Greg Costikyan wrote a takedown of Denis Dyack’s editorial on cloud computing and gaming. I think Costikyan’s sort of right, but the semantic errors don’t totally invalidate what Dyack’s trying to say. Even if he’s saying it poorly.
I disagree with Costikyan’s definition of cloud computing. He’s basically defining it by example as Amazon’s cloud computing offering, which allows random people to power up remote compute services in a scalable fashion. I agree that right now, there’s not much value in Amazon-style offerings for game companies. (Note: future post on this, because we ought to be thinking about that particular question for a bunch of reasons.) On the other hand, that’s not what Dyack is talking about and his definition is both broader and more accurate.
He’s talking about Google Docs — or hey, Gmail — in the gaming context. Google Docs is absolutely an example of cloud computing. It happens to be the case that the company providing the service owns the computers on which the service runs, but from our perspective, the documents and the software live out there in the cloud.
From a business-speak perspective, Costikyan is talking about IaaS: Infrastructure as a Service. Cloud computing includes IaaS, but it also includes SaaS, or Software as a Service. Google Docs is Software as a Service; it’s a full featured program that mostly runs on servers, with a relatively lightweight client. Dyack’s talking about SaaS.
And yeah, MMOs are in fact specialized versions of SaaS. I’ve been using that line when I interview at non-gaming companies. It makes people more comfortable when I accurately categorize the last six years of my career as working on SaaS, which I find both pleasing and amusing.
On point two, yep. Linear entertainment is not a commodity. That was a cute way for Dyack to say it’s easy to pirate linear entertainment. But Dyack is right about that, even if his terminology was sloppy again.

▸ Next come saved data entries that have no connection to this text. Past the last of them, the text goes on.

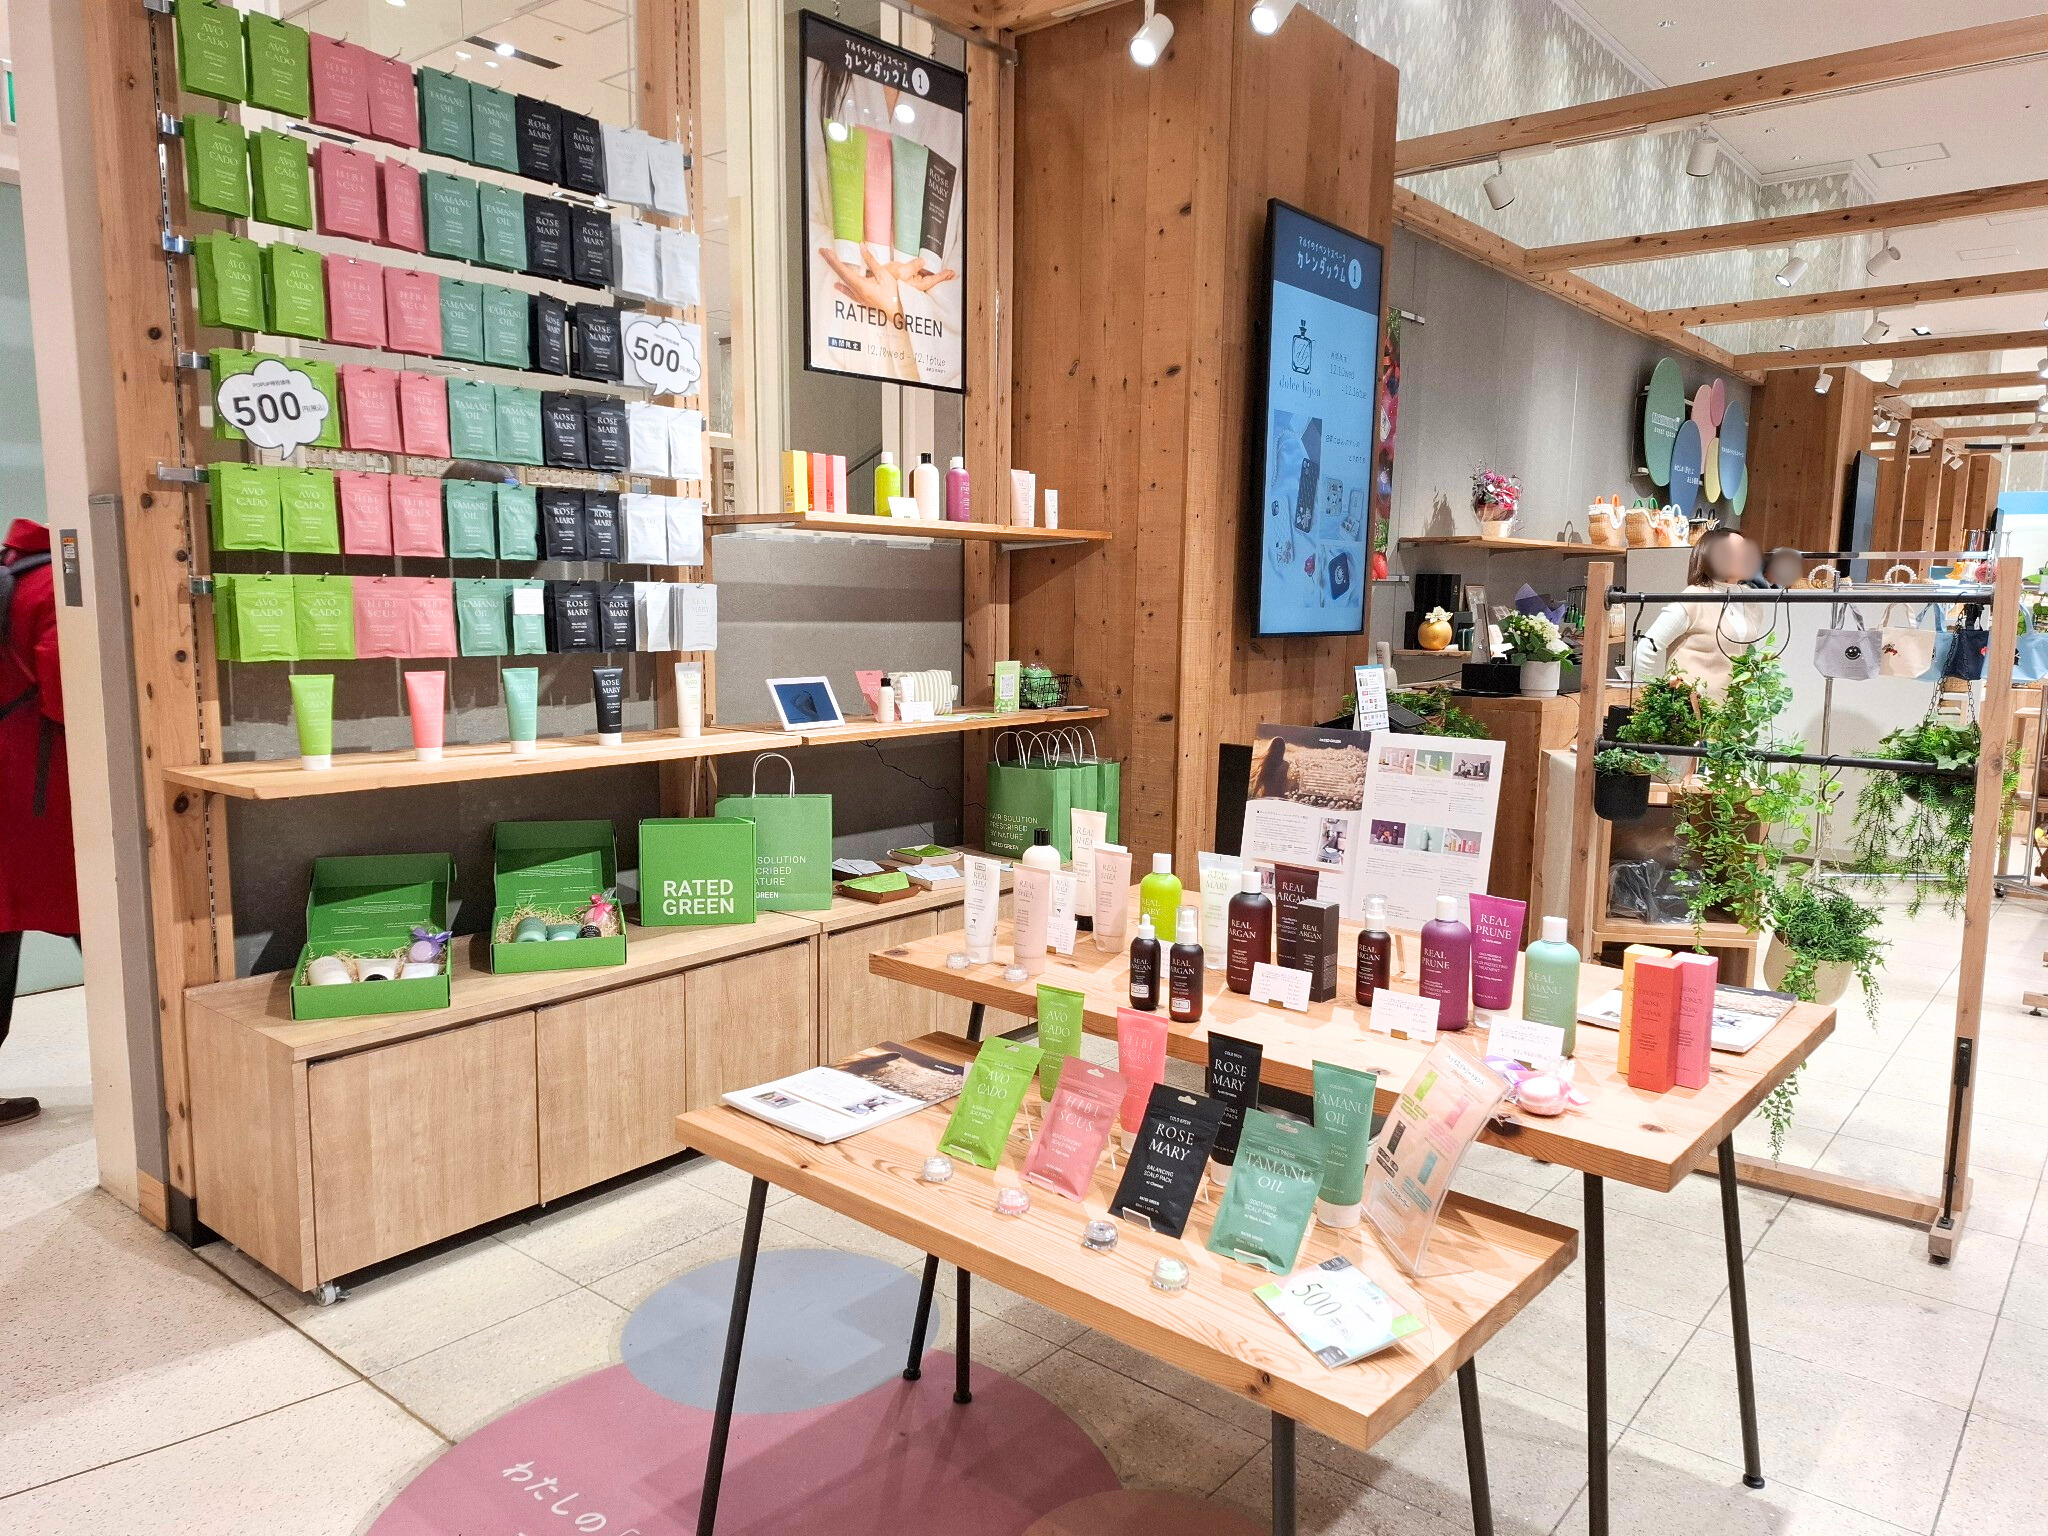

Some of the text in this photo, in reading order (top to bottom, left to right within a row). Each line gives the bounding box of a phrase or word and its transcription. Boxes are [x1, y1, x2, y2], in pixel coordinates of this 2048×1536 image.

[266, 50, 296, 66] CADO
[844, 53, 908, 88] カレンダリウム
[528, 118, 552, 132] ROSE
[528, 128, 552, 140] MARY
[573, 132, 594, 144] ROSE
[574, 141, 594, 153] MARY
[930, 168, 949, 188] ROSE
[928, 180, 949, 198] MARY
[536, 216, 560, 228] ROSE
[536, 226, 560, 237] MARY
[582, 226, 604, 238] ROSE
[583, 236, 604, 246] MARY
[228, 260, 246, 270] AVO
[225, 269, 250, 282] CADO
[289, 269, 308, 280] AVO
[286, 278, 314, 292] CADO
[545, 316, 560, 327] ROSE
[835, 300, 942, 338] RATED GREEN
[546, 324, 560, 336] MARY
[589, 324, 612, 334] ROSE
[589, 333, 612, 342] MARY
[633, 335, 680, 373] 500
[232, 390, 301, 427] 500
[553, 412, 575, 422] ROSE
[597, 416, 618, 426] ROSE
[554, 421, 576, 431] MARY
[597, 425, 619, 434] MARY
[240, 487, 264, 496] AVO
[298, 490, 320, 499] AVO
[236, 497, 268, 507] CADO
[354, 494, 378, 504] HIBI
[404, 499, 430, 507] HIBI
[294, 500, 324, 510] CADO
[354, 505, 380, 514] SCUS
[454, 500, 488, 512] TAMANU
[404, 508, 430, 517] SCUS
[463, 511, 478, 520] OIL
[553, 507, 576, 516] ROSE
[594, 509, 613, 518] ROSE
[554, 516, 576, 525] MARY
[594, 518, 613, 527] MARY
[255, 598, 278, 607] AVO
[313, 598, 336, 606] AVO
[366, 600, 397, 609] HIBI
[418, 600, 443, 608] HIBI
[566, 599, 588, 608] ROSE
[610, 600, 629, 609] ROSE
[250, 608, 283, 617] CADO
[309, 608, 342, 617] CADO
[366, 610, 397, 618] SCUS
[418, 610, 443, 618] SCUS
[567, 608, 589, 617] MARY
[610, 609, 629, 617] MARY
[601, 679, 620, 687] ROSE
[602, 686, 621, 694] MARY
[1004, 814, 1038, 824] SOLUTION
[998, 831, 1023, 840] NATURE
[1077, 826, 1094, 836] REAL
[757, 856, 806, 864] SOLUTION
[756, 866, 792, 874] CRIBED
[1102, 864, 1118, 872] REAL
[1100, 872, 1116, 880] SHEA
[1208, 870, 1229, 881] REAL
[663, 880, 733, 897] RATED
[1019, 880, 1034, 890] REAL
[1056, 879, 1069, 887] REAL
[1205, 880, 1229, 891] MARY
[1282, 882, 1306, 894] REAL
[1018, 890, 1034, 899] SHEA
[662, 898, 734, 916] GREEN
[1232, 918, 1252, 930] REAL
[1480, 913, 1510, 928] REAL
[1229, 928, 1256, 939] ARGAN
[1302, 924, 1318, 932] REAL
[1476, 924, 1512, 940] PRUNE
[1298, 930, 1322, 940] ARGAN
[1358, 943, 1377, 953] REAL
[1424, 948, 1446, 960] REAL
[1172, 958, 1190, 966] REAL
[1422, 957, 1450, 970] PRUNE
[1046, 1010, 1068, 1022] AVO
[1040, 1022, 1070, 1037] CADO
[1123, 1034, 1153, 1050] HIBI
[1122, 1048, 1151, 1064] SCUS
[1214, 1058, 1247, 1078] ROSE
[986, 1070, 1010, 1084] AVO
[1212, 1072, 1246, 1092] MARY
[978, 1083, 1007, 1099] CADO
[1065, 1095, 1099, 1117] HIBI
[1314, 1090, 1368, 1115] TAMANU
[1058, 1109, 1095, 1132] SCUS
[1325, 1110, 1348, 1126] OIL
[1155, 1122, 1195, 1146] ROSE
[1148, 1138, 1190, 1161] MARY
[1146, 1164, 1174, 1177] BALANCING
[1246, 1150, 1314, 1183] TAMANU
[1144, 1170, 1173, 1184] SCALP PACK
[1258, 1175, 1284, 1194] OIL
[1249, 1198, 1277, 1212] SOOTHING
[1244, 1204, 1278, 1220] SCALP PACK
[1292, 1283, 1342, 1316] 500

Point three, however, is where Dyack is wrong, and it’s for exactly the reasons Costikyan outlines. The user’s already spent money on the desktop CPU. It’s less profitable for gaming companies to pay for CPUs to do work that users can already do. Not too complex.

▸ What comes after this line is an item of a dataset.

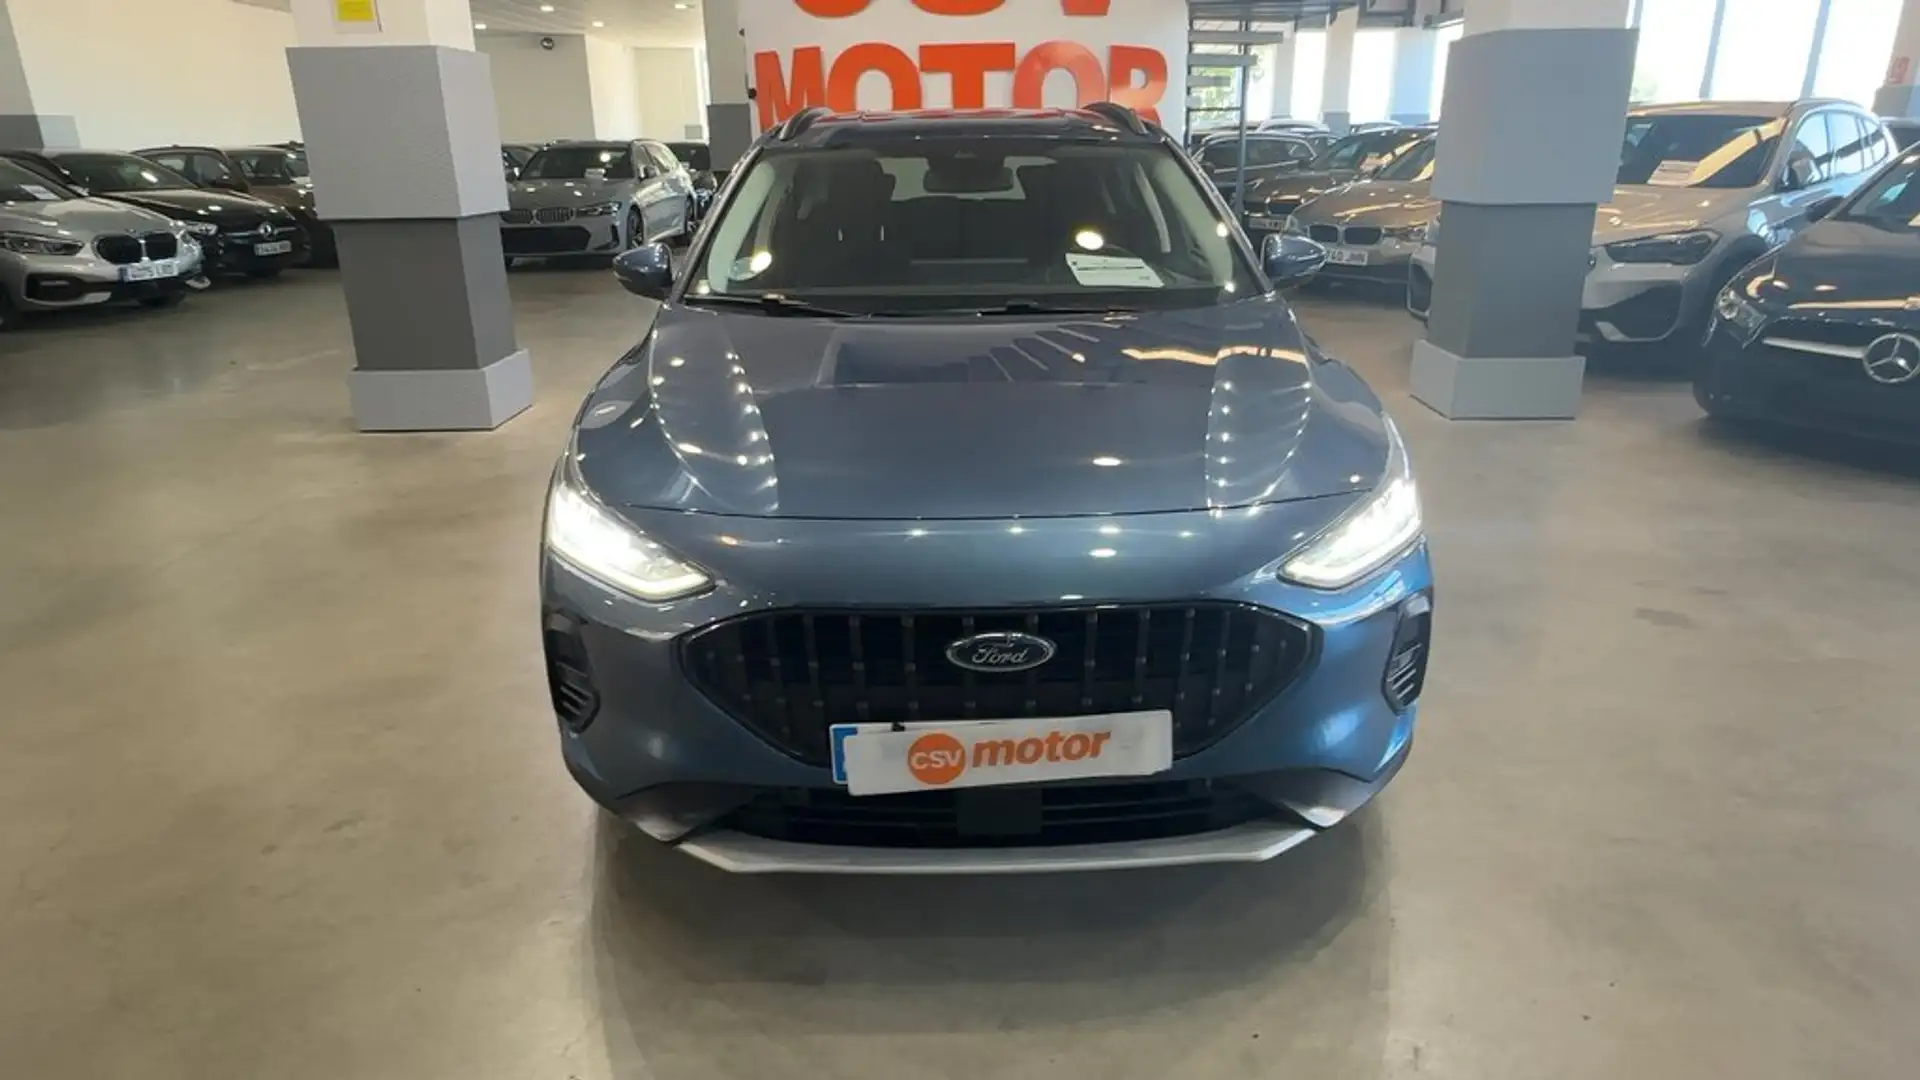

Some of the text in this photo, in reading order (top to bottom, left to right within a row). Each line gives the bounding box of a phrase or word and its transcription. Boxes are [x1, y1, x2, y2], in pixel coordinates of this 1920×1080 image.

[754, 42, 1169, 131] MOTOR
[972, 647, 1029, 664] Ford
[972, 731, 1112, 767] motor

I guess you could argue that freeing yourself from the risk of piracy is worth a certain investment in servers. I’m not sure how high that value really is. The books I’d want to read… probably Popcap, right? Casual browser games are SaaS. Popcap’s games migrate from browsers into standalone games as a matter of course, so that must be a profitable business decision, assuming the Popcap guys aren’t dumb.

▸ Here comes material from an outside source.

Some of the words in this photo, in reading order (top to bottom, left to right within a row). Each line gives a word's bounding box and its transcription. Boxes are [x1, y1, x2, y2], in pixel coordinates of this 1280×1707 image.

Finally, it’s worth noting that Dyack slipped a casual “Imagine if technology allowed us simply to broadcast a video signal (games) at 60fps at 720p through a server” in there. Yeah, I can imagine that. It’s not all that close, if you assume that you don’t want network lag to affect your gameplay. And you don’t. You also want to make sure college dorms can all play your game at once without problems. Etc.